- Exercise description
Please return the records below exactly as they appear, leaving every picture out.
-=-=-=-=-
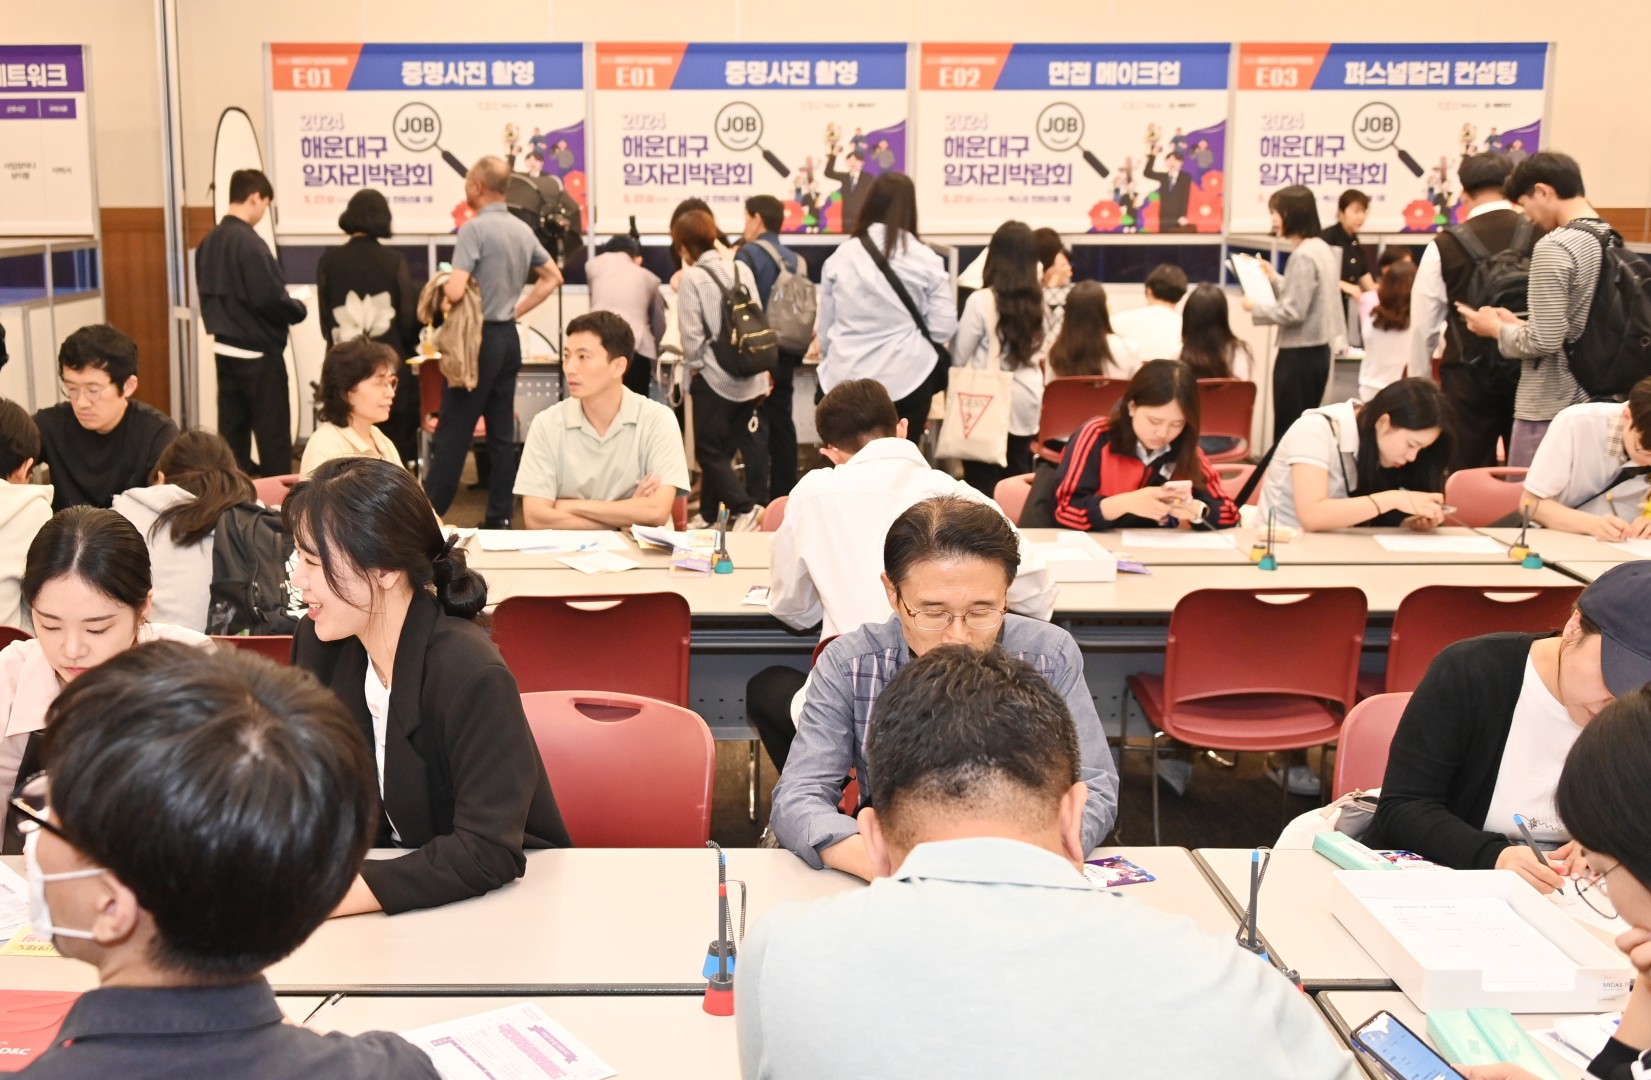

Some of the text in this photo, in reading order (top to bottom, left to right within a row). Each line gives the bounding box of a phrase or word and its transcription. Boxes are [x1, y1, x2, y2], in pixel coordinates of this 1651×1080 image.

[292, 67, 333, 88] E01
[401, 61, 535, 86] 증명사진 촬영
[616, 66, 656, 88] E01
[725, 60, 859, 86] 증명사진 촬영
[938, 67, 981, 88] E02
[1048, 60, 1181, 86] 면접 메이크업
[1255, 67, 1298, 88] E03
[1344, 60, 1518, 86] 퍼스널컬러 컨설팅
[299, 112, 344, 132] 2024
[400, 117, 435, 133] JOB
[622, 112, 667, 131] 2024
[722, 117, 757, 133] JOB
[944, 112, 988, 131] 2024
[1043, 116, 1079, 133] JOB
[1260, 112, 1305, 131] 2024
[1359, 116, 1394, 133] JOB
[301, 136, 388, 159] 해운대구
[622, 135, 709, 158] 해운대구
[944, 135, 1030, 158] 해운대구
[1259, 135, 1345, 157] 해운대구
[302, 163, 433, 187] 일자리박람회
[623, 163, 753, 186] 일자리박람회
[944, 163, 1073, 186] 일자리박람회
[1259, 162, 1387, 185] 일자리박람회
-=-=-=-=-
- Answer to this exercise
Some of the text in this photo, in reading order (top to bottom, left to right within a row). Each line gives the bounding box of a phrase or word and its transcription. Boxes are [x1, y1, x2, y2], in pixel coordinates of this 1651×1080 image.

[292, 67, 333, 88] E01
[401, 61, 535, 86] 증명사진 촬영
[616, 66, 656, 88] E01
[725, 60, 859, 86] 증명사진 촬영
[938, 67, 981, 88] E02
[1048, 60, 1181, 86] 면접 메이크업
[1255, 67, 1298, 88] E03
[1344, 60, 1518, 86] 퍼스널컬러 컨설팅
[299, 112, 344, 132] 2024
[400, 117, 435, 133] JOB
[622, 112, 667, 131] 2024
[722, 117, 757, 133] JOB
[944, 112, 988, 131] 2024
[1043, 116, 1079, 133] JOB
[1260, 112, 1305, 131] 2024
[1359, 116, 1394, 133] JOB
[301, 136, 388, 159] 해운대구
[622, 135, 709, 158] 해운대구
[944, 135, 1030, 158] 해운대구
[1259, 135, 1345, 157] 해운대구
[302, 163, 433, 187] 일자리박람회
[623, 163, 753, 186] 일자리박람회
[944, 163, 1073, 186] 일자리박람회
[1259, 162, 1387, 185] 일자리박람회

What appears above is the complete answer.